Work out the economics. One sheet of 18 mm MDF $24.75, 60 to 100 sheets cut per spoilboard equals at worst $0.41 cents per sheet cut. To recut one part : re-toolpath, say 5 minutes @ $1.75 per minute, re cut the part 1 minute @ $2.10, you are already up to almost $11, and you haven't included extra material and all the other associated time and costs of loading and unloading the table etc.
I understand that for most, running the ShopBot is not about making money and your time is your time, but it is still false economy. You would be better spent using the extra time with your family.
My 2 cents worth.
David
cowboy1296
07-11-2013, 08:35 AM
I cant even remember what this material is called but you use it to make your custom gaskets. It comes in sheets of about 5"x5" and I bought it at Ace Hardware. Its about .05 thick. I cut it up in smaller pieces and position them under the work piece. Of course this wont work for a vacuum but it works fine for a clamping system I use a 15 dollar caliper to measure the thickness of my work piece so on occasion I still cut into the sacrifice board but only a little.
Jerome
07-11-2013, 11:39 AM
I tried the 1/8 inch mdf over my trupan spoilboard and find it works very well.
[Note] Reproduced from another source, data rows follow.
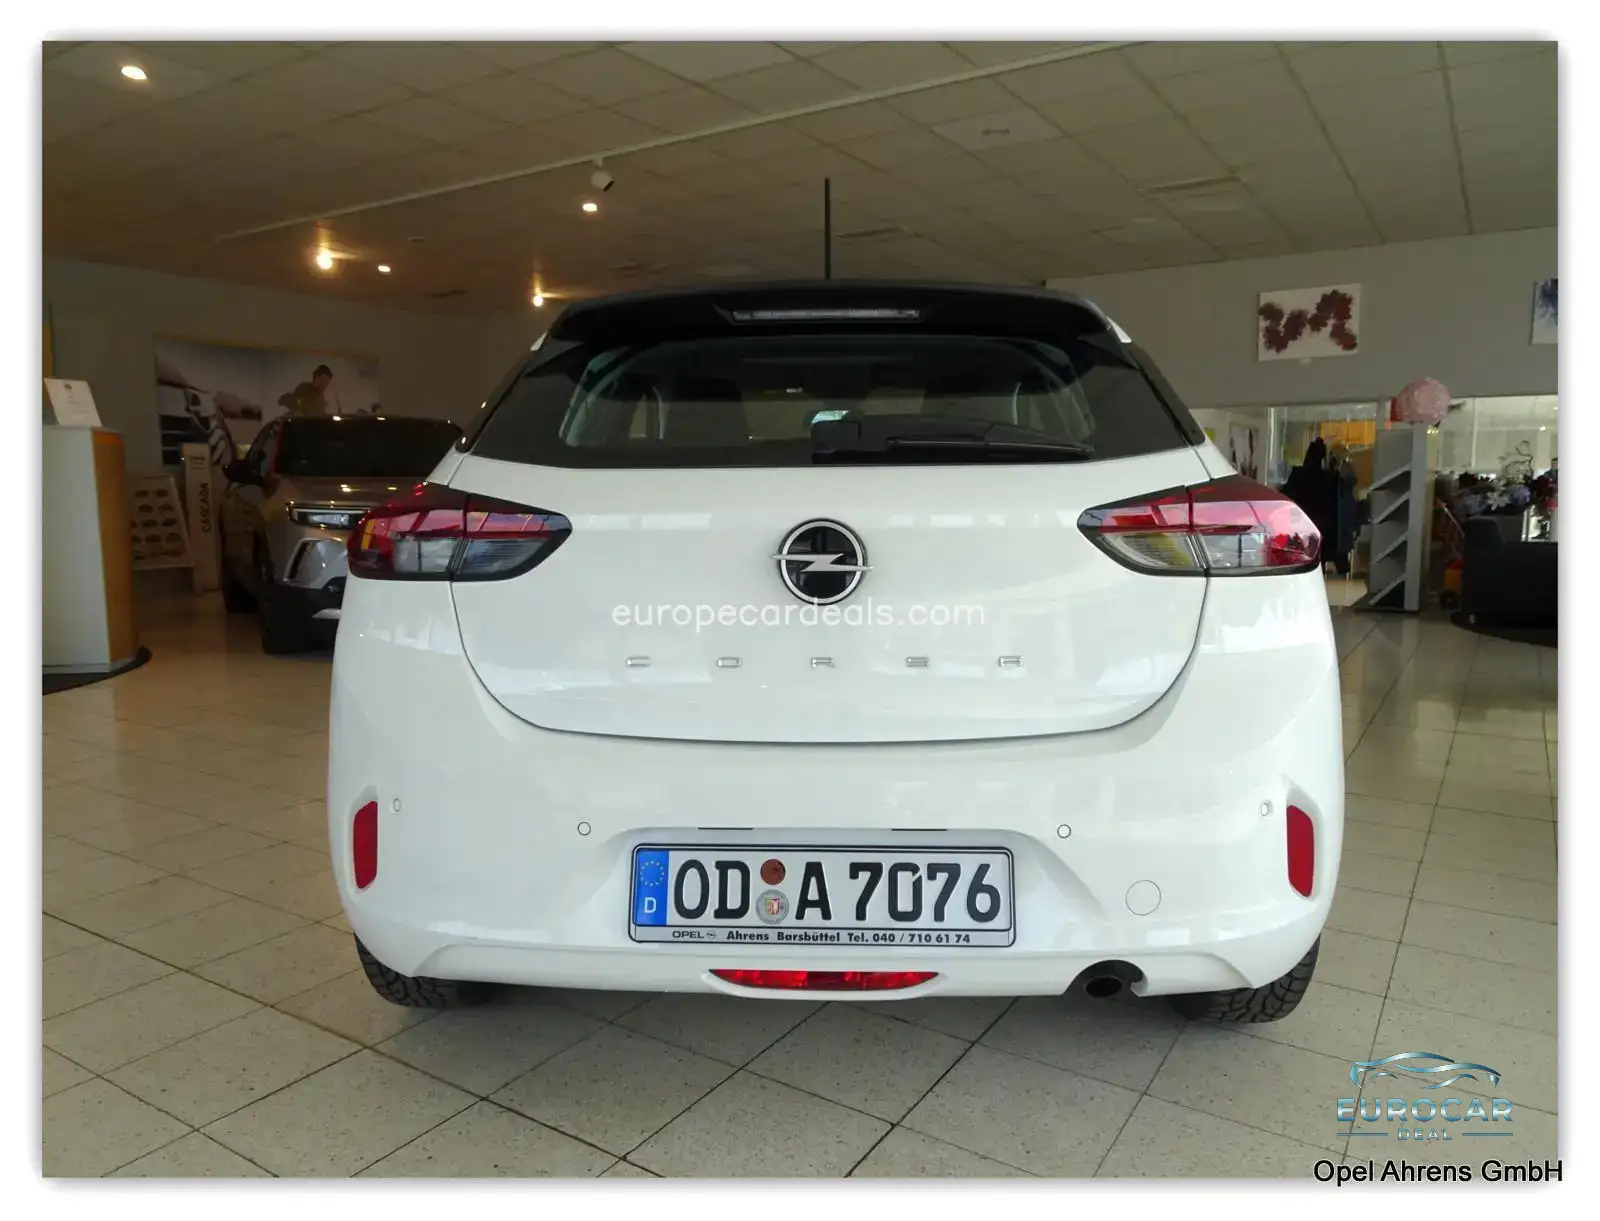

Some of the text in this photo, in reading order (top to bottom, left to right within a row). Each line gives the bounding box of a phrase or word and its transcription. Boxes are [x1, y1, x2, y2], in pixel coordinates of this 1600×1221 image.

[673, 858, 1002, 923] OD A 7076
[643, 897, 657, 914] D
[672, 930, 704, 939] OPEL
[726, 930, 769, 941] Ahrens
[777, 931, 840, 942] Barsbüttel
[847, 932, 869, 943] Tel.
[872, 933, 896, 943] 040
[908, 933, 932, 943] 710
[935, 934, 950, 943] 61
[955, 934, 971, 944] 74
I cut mine into 2' x 4' pieces. That allows me to replace only the sections that need replacing and I can sand both sides on a wide belt sander before using it. I am using 2 Fein vacs so I have plenty of vacumn.
Jerome
I use 1/8" MDF surfaced both sides as a sacrificial board when cutting large numbers of sheets of material. This has a couple advantages:
1. NO loss of vacuum since the sacrificial board is so thin
2. I can cut about 4 to 6 sheets per side of the 1/8" MDF so it goes a long way
3. When the main material has been cut, I built an "outfeed" table for my bot that I simply push the sacrificial board and the main material on to for parts processing. I then load up another 1/8" sheet and the main material and it's being cut while I'm separating that previous sheet.
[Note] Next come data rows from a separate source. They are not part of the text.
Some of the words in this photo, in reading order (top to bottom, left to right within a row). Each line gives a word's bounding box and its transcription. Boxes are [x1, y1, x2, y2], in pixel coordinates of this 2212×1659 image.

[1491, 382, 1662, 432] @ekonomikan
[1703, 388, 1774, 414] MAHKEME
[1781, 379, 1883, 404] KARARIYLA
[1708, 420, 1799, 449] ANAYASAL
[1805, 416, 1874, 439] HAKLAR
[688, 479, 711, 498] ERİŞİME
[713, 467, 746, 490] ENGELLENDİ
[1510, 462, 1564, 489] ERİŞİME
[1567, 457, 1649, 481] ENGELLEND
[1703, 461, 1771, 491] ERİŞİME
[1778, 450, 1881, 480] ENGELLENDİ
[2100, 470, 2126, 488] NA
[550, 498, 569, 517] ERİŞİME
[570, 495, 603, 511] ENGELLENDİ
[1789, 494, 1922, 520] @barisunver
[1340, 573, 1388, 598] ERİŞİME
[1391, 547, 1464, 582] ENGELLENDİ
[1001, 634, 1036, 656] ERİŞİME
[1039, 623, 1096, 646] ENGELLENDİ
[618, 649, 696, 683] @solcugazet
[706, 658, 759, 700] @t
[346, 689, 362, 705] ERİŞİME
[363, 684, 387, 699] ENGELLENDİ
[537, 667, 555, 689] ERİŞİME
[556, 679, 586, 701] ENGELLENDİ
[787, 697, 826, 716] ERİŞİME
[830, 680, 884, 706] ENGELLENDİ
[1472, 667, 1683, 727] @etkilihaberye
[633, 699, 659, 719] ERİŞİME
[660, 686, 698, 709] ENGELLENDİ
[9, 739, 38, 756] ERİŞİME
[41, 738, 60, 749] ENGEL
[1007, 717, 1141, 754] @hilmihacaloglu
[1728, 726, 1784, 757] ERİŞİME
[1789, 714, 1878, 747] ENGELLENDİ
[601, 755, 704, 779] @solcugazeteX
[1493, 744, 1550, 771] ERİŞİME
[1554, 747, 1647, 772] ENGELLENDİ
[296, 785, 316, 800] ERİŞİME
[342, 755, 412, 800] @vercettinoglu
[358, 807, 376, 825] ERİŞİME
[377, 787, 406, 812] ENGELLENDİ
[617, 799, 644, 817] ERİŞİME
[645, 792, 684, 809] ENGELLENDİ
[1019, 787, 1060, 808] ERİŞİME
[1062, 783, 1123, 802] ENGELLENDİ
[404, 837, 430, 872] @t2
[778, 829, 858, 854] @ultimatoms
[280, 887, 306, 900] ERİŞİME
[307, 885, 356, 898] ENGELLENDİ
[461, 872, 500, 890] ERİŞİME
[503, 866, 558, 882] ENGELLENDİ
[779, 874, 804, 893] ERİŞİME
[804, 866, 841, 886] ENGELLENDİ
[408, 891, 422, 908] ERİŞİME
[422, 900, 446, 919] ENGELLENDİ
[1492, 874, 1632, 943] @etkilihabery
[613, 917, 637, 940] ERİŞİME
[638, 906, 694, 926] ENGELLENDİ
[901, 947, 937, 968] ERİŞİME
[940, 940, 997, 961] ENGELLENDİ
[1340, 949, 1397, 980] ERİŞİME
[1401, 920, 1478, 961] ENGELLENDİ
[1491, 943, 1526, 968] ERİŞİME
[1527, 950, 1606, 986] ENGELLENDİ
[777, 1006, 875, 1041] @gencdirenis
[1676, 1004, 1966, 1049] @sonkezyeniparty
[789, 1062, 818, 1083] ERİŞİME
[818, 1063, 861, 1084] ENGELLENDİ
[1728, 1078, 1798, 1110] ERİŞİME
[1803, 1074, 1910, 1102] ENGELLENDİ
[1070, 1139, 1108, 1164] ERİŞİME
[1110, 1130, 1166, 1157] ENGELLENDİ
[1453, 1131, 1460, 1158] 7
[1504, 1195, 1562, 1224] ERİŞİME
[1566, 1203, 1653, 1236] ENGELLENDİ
Adds an additional 2 to 3 sheets an hour using this method. Plus I don't have to resurface my spoilboard. I make enough 1/8" sacrificial boards up for the job using the 4 to 6 sheets per side rule and things hum along very nicely. Of course, the 1/8" MDF and time to surface it are included in the price of the overall project.
gerryv
07-21-2013, 06:28 PM
Really appreciate everyones input on this. I'd not seen discussions about "thin" often replaced, sacrificial boards before but I'm not surprised that the insight is coming from some serious pro's. Thanks much, I suspect others will benefit from this knowledge.